A non-invasive nomogram predicting future lung metastasis in hepatocellular carcinoma: a multi-center cohort study

Abstract

Abstract Purpose Patients with hepatocellular carcinoma at higher risk of future lung metastasis should be identified for early diagnosis and treatments. Methods From 2006 to 2016, 352 multi-center cases were retrospectively reviewed and separated into training and validation datasets. Clinical factors and radiological parameters were used to construct models through combining backward stepwise hazard models with the least absolute shrinkage and selection operator method. Discrimination and calibration of both datasets were tested. We then subdivided patients according to our model and compared their time to lung metastasis and overall survival (OS).
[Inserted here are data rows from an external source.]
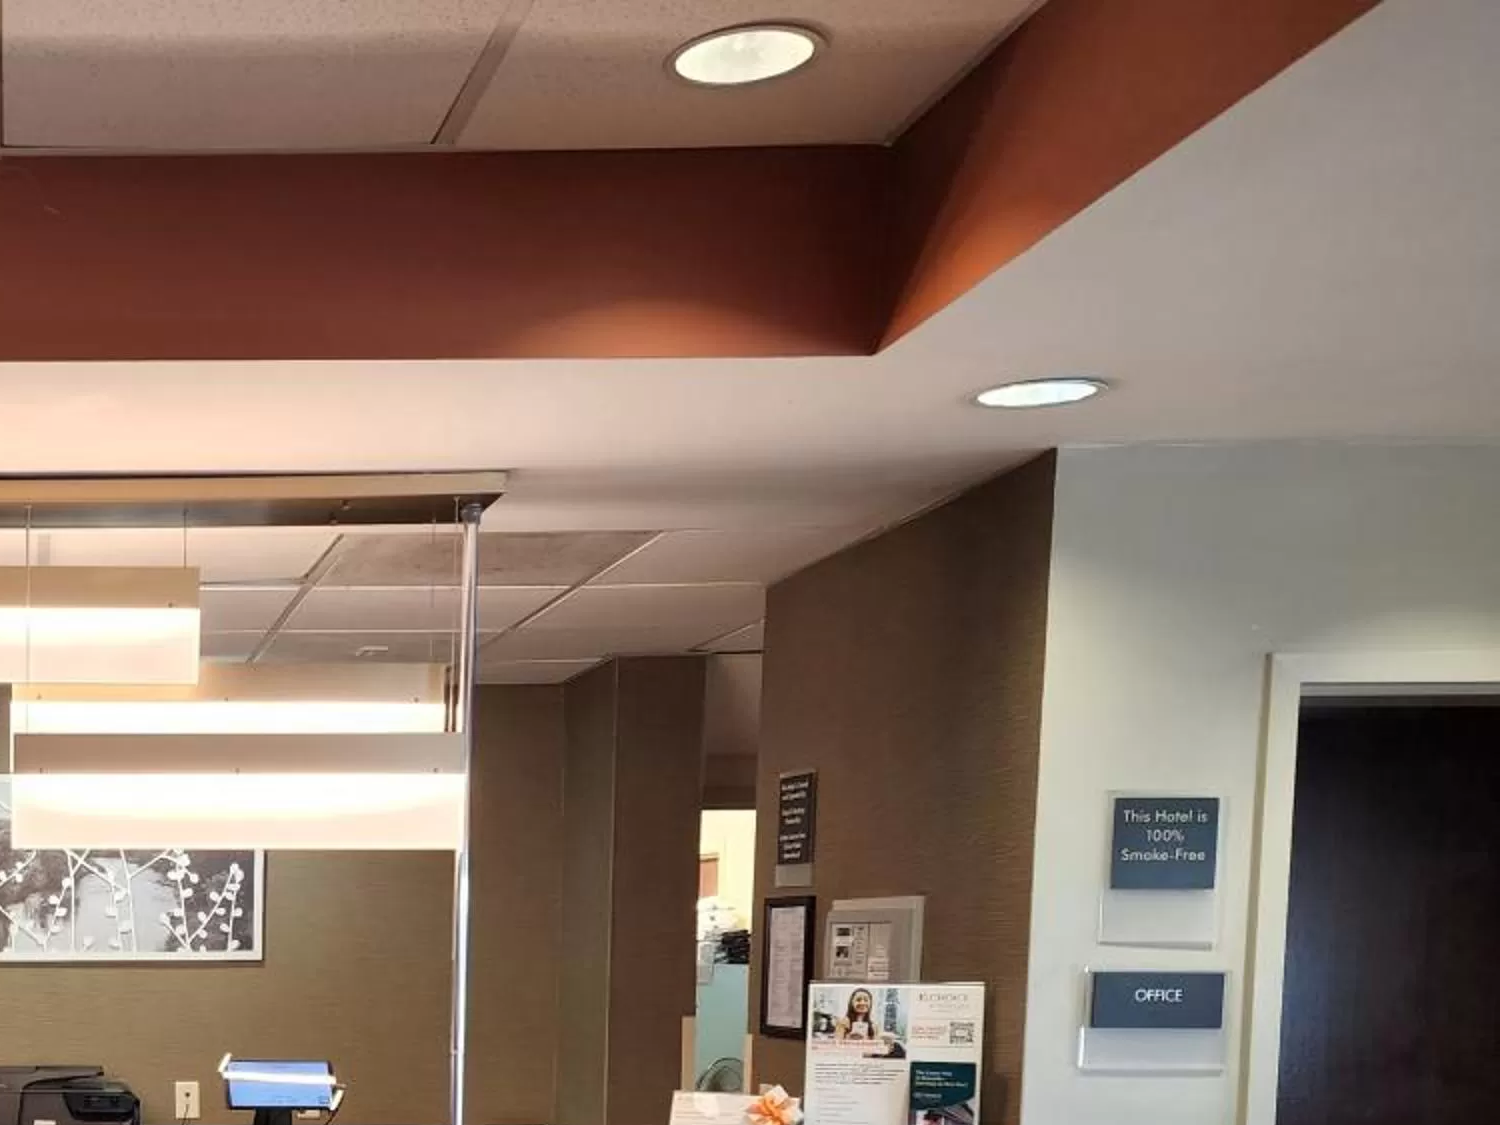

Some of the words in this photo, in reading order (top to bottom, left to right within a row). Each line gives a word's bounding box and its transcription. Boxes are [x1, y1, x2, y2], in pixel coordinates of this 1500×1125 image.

[1123, 809, 1151, 823] This
[1155, 809, 1193, 823] Hotel
[1197, 809, 1208, 823] is
[1146, 829, 1185, 841] 100%
[1120, 847, 1206, 861] Smoke-Free
[1134, 987, 1184, 1003] OFFICE
Multivariate regression analysis was used to determine whether subgroup was an independent factor for OS. Results The best model comprised maximum diameter, fusion lesions, ascites, alpha-fetoprotein level, and regional lymph node metastasis. The area under curve for predicting one-, two-. and three-year lung metastasis free survival were 0.78, 0.92, and 0.87 (training dataset), and 0.72, 0.72, and 0.71 (validation dataset), respectively, with sufficient calibration in both datasets. Subgroups separated according to the median score of best model showed significant differences in time to lung metastasis (training, p < 0.001; validation, p = 0.002) and OS (training, p < 0.001; validation, p < 0.001). Subgroupings were significant in multivariate regression for OS in both datasets: hazard ratio (HR) = 0.435 (95% confidence interval [CI]: 0.259–0.730), p = 0.002 in the training dataset; HR = 0.341 (95% CI: 0.178–0.653), p = 0.001 in the validation dataset. Conclusion Assisted by our model, patients at high risk of future lung metastasis could be identified. For high risk population, routine chest CT should be arranged, and more combination therapies should be explored.